Let freedom be cherished that learning may flourish.

Larry Summers on Inflation and 'the New McCarthyism'

Bari Weiss
Common Sense

Larry Summers is one of the most important economists in the world. He’s been the chief economist at the World Bank. He was Treasury Secretary under President Clinton. He was director of the National Economic Council under Obama. And from 2001 to 2006, he was president of Harvard.

On the new McCarthyism and the future of higher education:

BW: You and I both know that the list of unsayable things and verboten subjects has grown unbelievably long since you gave a speech in 2005 about the lack of gender diversity in STEM that caused a lot of controversy. Now, even basic ideas like human biology or the idea that merit is a good thing are considered circumspect. What do you think of the war on merit?

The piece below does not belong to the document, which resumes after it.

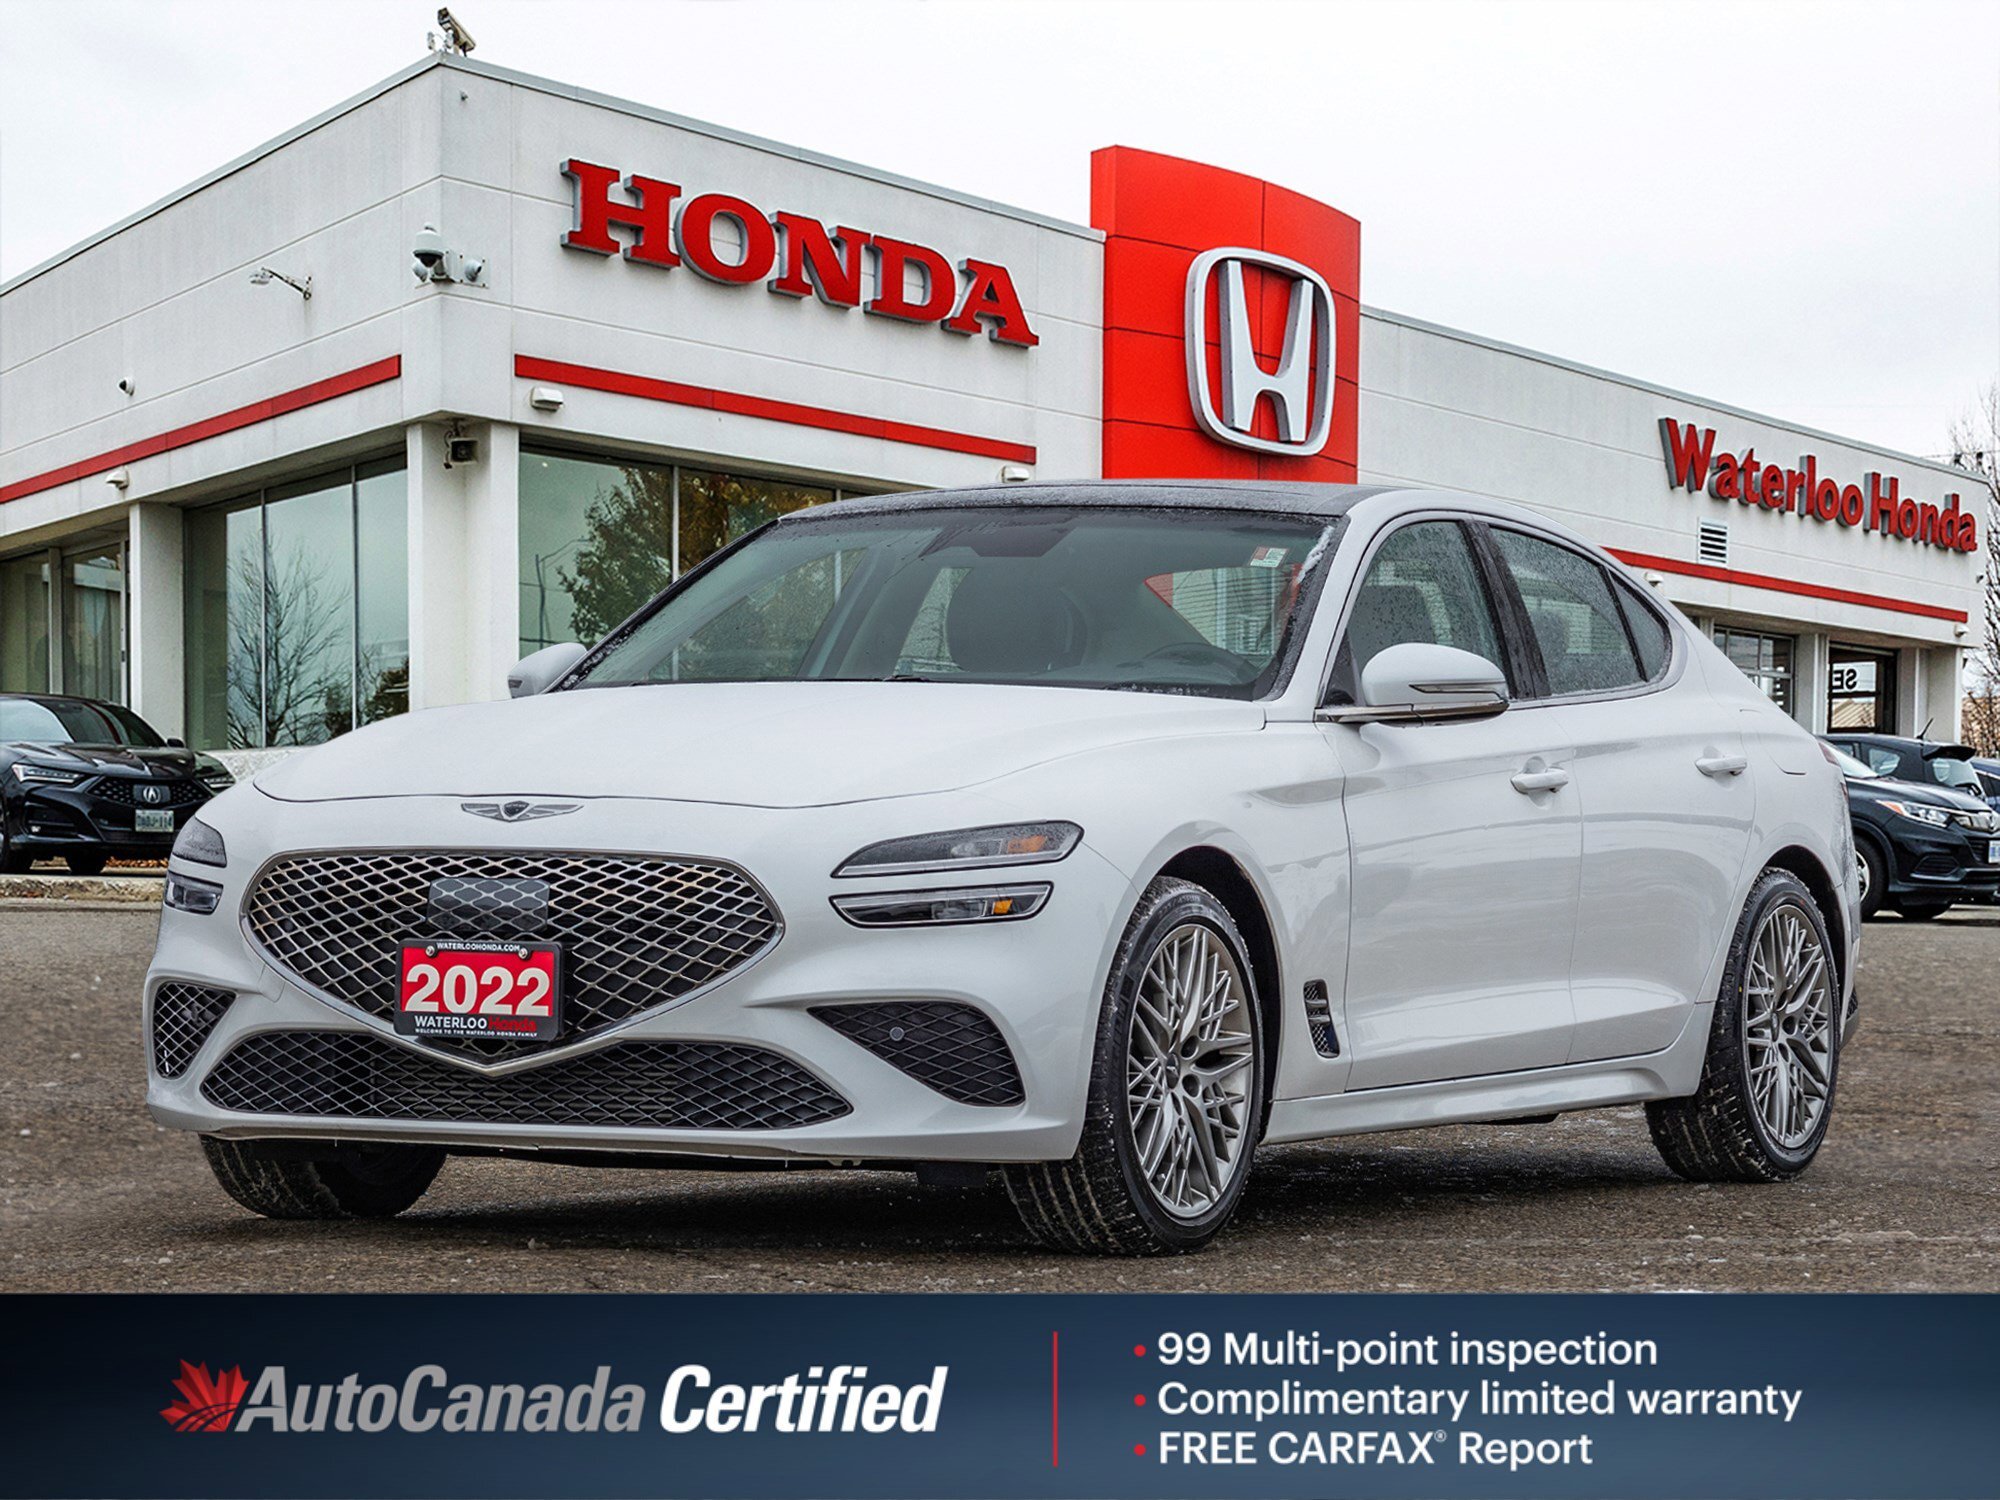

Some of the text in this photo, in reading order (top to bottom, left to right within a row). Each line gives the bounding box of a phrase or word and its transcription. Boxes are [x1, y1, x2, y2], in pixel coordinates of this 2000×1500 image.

LS: I think it’s a profound problem that it’s much more difficult on university campuses to venerate excellence, to celebrate accomplishment, to assert that there are greater and lesser truths, and to welcome iconoclasm. This is not a new phenomenon. In the 1950s, McCarthyism ran rampant. Those who had had past Communist affiliations, even if what they were doing was teaching chemistry, came into question. There were serious efforts by alumni to cancel the teaching of Keynesian economics because it was seen as subversive to the American way. All of that was terrible. It was the original McCarthyism. 

The new McCarthyism around a different set of subjects is no less troubling, and it is a profound threat to American universities. When something profoundly threatens American universities, it, in turn, threatens the formative experiences of the people who will be leading our country a generation from now. It threatens the ability to develop the new ideas and conceptions that ultimately shape society, whether those are new cures for cancer or new understandings of human relations that led gay marriage to be widely accepted—something that would have been inconceivable a generation ago. It’s very dangerous for universities to become epistemically closed communities dedicated to social comfort. I worry about that every day. 

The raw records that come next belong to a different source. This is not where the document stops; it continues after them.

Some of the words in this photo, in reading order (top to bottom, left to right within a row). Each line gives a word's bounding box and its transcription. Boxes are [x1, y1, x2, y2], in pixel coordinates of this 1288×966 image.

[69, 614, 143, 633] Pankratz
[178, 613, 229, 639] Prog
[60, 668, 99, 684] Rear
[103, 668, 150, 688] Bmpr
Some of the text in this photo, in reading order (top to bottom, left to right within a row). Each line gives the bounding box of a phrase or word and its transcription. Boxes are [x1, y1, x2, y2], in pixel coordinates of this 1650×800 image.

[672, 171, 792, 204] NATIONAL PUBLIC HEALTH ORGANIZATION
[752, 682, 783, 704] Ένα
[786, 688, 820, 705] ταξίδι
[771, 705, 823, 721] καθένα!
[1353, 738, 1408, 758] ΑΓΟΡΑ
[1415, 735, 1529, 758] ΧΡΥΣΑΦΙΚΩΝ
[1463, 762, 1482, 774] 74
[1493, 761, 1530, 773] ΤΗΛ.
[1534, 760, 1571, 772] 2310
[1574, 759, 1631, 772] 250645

BW: If you were president of Harvard right now, what would you do to ensure that an environment of free thought and speech is protected?

LS: I would very visibly try to invite speakers from a range of areas who challenge our local orthodoxies and make clear that I want to hear what they have to say. Not because, in most cases, I agree with them, but because I would think and speak more clearly for having considered their arguments. 

BW So, would you invite Ron DeSantis to campus? 

LS: Absolutely.  

When I was president, I accepted every invitation I received to speak to the Federalist Society, not because I agreed with what the Federalist Society said on many issues, but because I thought it was important that those views be considered on our campus. I would try to provide support, as I did in many quiet ways during my time as president, for students who somehow felt beleaguered or challenged. 

And when there was a call to divest Israel from our endowment, I did not simply say what was said on many other campuses, which was that divestiture is a problematic tool for achieving political purposes. I labeled the call antisemitic in effect, if not in intent. I felt that if Harvard actually did divest and did it uniquely to Israel, the signal would be antisemitic.